RECORD EXTRACTS:
********
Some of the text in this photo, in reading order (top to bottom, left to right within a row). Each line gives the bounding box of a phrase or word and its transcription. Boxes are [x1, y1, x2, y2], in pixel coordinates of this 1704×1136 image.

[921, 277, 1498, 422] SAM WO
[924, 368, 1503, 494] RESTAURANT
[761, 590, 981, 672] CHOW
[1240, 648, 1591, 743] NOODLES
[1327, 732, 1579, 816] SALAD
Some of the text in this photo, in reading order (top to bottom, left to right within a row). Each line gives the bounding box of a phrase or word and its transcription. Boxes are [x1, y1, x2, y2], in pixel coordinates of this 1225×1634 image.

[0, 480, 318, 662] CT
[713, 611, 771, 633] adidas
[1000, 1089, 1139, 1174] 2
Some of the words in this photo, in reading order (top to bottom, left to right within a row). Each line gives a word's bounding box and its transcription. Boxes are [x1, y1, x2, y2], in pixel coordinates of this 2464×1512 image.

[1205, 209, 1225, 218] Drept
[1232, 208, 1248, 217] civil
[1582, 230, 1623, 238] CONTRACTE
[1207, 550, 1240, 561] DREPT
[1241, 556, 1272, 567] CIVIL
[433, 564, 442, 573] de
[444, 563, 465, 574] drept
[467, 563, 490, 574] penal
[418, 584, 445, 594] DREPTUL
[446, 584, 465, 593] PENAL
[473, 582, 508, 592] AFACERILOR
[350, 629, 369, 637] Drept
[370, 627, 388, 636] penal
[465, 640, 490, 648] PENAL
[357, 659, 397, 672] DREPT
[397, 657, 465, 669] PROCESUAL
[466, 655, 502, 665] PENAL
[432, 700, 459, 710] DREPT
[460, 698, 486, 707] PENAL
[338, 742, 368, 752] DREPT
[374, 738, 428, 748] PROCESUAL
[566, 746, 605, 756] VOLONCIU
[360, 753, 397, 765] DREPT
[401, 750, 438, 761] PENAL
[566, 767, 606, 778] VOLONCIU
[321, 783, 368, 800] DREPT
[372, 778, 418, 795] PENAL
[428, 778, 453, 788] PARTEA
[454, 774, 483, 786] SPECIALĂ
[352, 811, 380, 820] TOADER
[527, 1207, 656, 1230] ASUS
********
PROBLEM: Only an exact copy of the data above will do.

SOLVED PROBLEM:
Some of the text in this photo, in reading order (top to bottom, left to right within a row). Each line gives the bounding box of a phrase or word and its transcription. Boxes are [x1, y1, x2, y2], in pixel coordinates of this 1704×1136 image.

[921, 277, 1498, 422] SAM WO
[924, 368, 1503, 494] RESTAURANT
[761, 590, 981, 672] CHOW
[1240, 648, 1591, 743] NOODLES
[1327, 732, 1579, 816] SALAD
Some of the text in this photo, in reading order (top to bottom, left to right within a row). Each line gives the bounding box of a phrase or word and its transcription. Boxes are [x1, y1, x2, y2], in pixel coordinates of this 1225×1634 image.

[0, 480, 318, 662] CT
[713, 611, 771, 633] adidas
[1000, 1089, 1139, 1174] 2
Some of the words in this photo, in reading order (top to bottom, left to right within a row). Each line gives a word's bounding box and its transcription. Boxes are [x1, y1, x2, y2], in pixel coordinates of this 2464×1512 image.

[1205, 209, 1225, 218] Drept
[1232, 208, 1248, 217] civil
[1582, 230, 1623, 238] CONTRACTE
[1207, 550, 1240, 561] DREPT
[1241, 556, 1272, 567] CIVIL
[433, 564, 442, 573] de
[444, 563, 465, 574] drept
[467, 563, 490, 574] penal
[418, 584, 445, 594] DREPTUL
[446, 584, 465, 593] PENAL
[473, 582, 508, 592] AFACERILOR
[350, 629, 369, 637] Drept
[370, 627, 388, 636] penal
[465, 640, 490, 648] PENAL
[357, 659, 397, 672] DREPT
[397, 657, 465, 669] PROCESUAL
[466, 655, 502, 665] PENAL
[432, 700, 459, 710] DREPT
[460, 698, 486, 707] PENAL
[338, 742, 368, 752] DREPT
[374, 738, 428, 748] PROCESUAL
[566, 746, 605, 756] VOLONCIU
[360, 753, 397, 765] DREPT
[401, 750, 438, 761] PENAL
[566, 767, 606, 778] VOLONCIU
[321, 783, 368, 800] DREPT
[372, 778, 418, 795] PENAL
[428, 778, 453, 788] PARTEA
[454, 774, 483, 786] SPECIALĂ
[352, 811, 380, 820] TOADER
[527, 1207, 656, 1230] ASUS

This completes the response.